EXTRACTED ENTRIES ->
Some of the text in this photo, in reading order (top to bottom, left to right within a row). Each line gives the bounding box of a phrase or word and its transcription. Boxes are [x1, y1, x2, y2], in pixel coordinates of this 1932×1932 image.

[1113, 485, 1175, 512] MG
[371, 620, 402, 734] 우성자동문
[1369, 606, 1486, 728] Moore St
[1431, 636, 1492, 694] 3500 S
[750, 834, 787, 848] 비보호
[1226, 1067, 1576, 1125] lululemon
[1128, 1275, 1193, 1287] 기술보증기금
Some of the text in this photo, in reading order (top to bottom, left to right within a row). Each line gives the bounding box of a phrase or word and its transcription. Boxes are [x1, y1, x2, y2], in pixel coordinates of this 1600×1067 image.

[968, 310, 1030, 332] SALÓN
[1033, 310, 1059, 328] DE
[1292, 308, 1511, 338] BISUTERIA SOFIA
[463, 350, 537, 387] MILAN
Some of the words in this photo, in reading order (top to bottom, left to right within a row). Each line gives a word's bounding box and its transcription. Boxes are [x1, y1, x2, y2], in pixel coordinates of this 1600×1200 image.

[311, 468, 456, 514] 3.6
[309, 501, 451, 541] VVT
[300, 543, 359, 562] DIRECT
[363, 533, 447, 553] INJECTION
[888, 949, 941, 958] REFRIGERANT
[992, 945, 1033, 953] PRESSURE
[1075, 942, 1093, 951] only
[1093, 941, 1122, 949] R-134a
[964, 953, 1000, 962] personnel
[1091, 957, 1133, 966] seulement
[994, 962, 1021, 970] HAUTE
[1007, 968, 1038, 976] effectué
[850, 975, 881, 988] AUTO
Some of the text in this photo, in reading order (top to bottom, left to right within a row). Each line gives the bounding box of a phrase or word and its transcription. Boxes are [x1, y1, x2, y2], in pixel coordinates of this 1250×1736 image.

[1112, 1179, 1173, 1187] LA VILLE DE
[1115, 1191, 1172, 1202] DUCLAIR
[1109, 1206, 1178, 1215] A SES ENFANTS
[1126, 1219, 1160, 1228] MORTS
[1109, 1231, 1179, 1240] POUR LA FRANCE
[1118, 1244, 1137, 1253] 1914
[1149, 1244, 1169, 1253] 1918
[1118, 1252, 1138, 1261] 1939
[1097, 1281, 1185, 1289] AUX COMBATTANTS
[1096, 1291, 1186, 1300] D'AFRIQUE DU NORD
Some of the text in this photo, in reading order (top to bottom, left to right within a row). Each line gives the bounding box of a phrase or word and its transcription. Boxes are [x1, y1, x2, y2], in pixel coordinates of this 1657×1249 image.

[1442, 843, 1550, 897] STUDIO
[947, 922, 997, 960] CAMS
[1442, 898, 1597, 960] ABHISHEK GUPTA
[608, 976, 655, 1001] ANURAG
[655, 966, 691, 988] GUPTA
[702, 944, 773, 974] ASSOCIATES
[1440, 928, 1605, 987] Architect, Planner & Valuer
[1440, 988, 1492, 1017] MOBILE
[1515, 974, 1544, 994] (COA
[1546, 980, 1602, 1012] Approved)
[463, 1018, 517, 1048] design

AIM OF THE EXERCISE -> Word for word and line for line, give the material again.

RESPONSE TO THIS EXERCISE ->
Some of the text in this photo, in reading order (top to bottom, left to right within a row). Each line gives the bounding box of a phrase or word and its transcription. Boxes are [x1, y1, x2, y2], in pixel coordinates of this 1932×1932 image.

[1113, 485, 1175, 512] MG
[371, 620, 402, 734] 우성자동문
[1369, 606, 1486, 728] Moore St
[1431, 636, 1492, 694] 3500 S
[750, 834, 787, 848] 비보호
[1226, 1067, 1576, 1125] lululemon
[1128, 1275, 1193, 1287] 기술보증기금
Some of the text in this photo, in reading order (top to bottom, left to right within a row). Each line gives the bounding box of a phrase or word and its transcription. Boxes are [x1, y1, x2, y2], in pixel coordinates of this 1600×1067 image.

[968, 310, 1030, 332] SALÓN
[1033, 310, 1059, 328] DE
[1292, 308, 1511, 338] BISUTERIA SOFIA
[463, 350, 537, 387] MILAN
Some of the words in this photo, in reading order (top to bottom, left to right within a row). Each line gives a word's bounding box and its transcription. Boxes are [x1, y1, x2, y2], in pixel coordinates of this 1600×1200 image.

[311, 468, 456, 514] 3.6
[309, 501, 451, 541] VVT
[300, 543, 359, 562] DIRECT
[363, 533, 447, 553] INJECTION
[888, 949, 941, 958] REFRIGERANT
[992, 945, 1033, 953] PRESSURE
[1075, 942, 1093, 951] only
[1093, 941, 1122, 949] R-134a
[964, 953, 1000, 962] personnel
[1091, 957, 1133, 966] seulement
[994, 962, 1021, 970] HAUTE
[1007, 968, 1038, 976] effectué
[850, 975, 881, 988] AUTO
Some of the text in this photo, in reading order (top to bottom, left to right within a row). Each line gives the bounding box of a phrase or word and its transcription. Boxes are [x1, y1, x2, y2], in pixel coordinates of this 1250×1736 image.

[1112, 1179, 1173, 1187] LA VILLE DE
[1115, 1191, 1172, 1202] DUCLAIR
[1109, 1206, 1178, 1215] A SES ENFANTS
[1126, 1219, 1160, 1228] MORTS
[1109, 1231, 1179, 1240] POUR LA FRANCE
[1118, 1244, 1137, 1253] 1914
[1149, 1244, 1169, 1253] 1918
[1118, 1252, 1138, 1261] 1939
[1097, 1281, 1185, 1289] AUX COMBATTANTS
[1096, 1291, 1186, 1300] D'AFRIQUE DU NORD
Some of the text in this photo, in reading order (top to bottom, left to right within a row). Each line gives the bounding box of a phrase or word and its transcription. Boxes are [x1, y1, x2, y2], in pixel coordinates of this 1657×1249 image.

[1442, 843, 1550, 897] STUDIO
[947, 922, 997, 960] CAMS
[1442, 898, 1597, 960] ABHISHEK GUPTA
[608, 976, 655, 1001] ANURAG
[655, 966, 691, 988] GUPTA
[702, 944, 773, 974] ASSOCIATES
[1440, 928, 1605, 987] Architect, Planner & Valuer
[1440, 988, 1492, 1017] MOBILE
[1515, 974, 1544, 994] (COA
[1546, 980, 1602, 1012] Approved)
[463, 1018, 517, 1048] design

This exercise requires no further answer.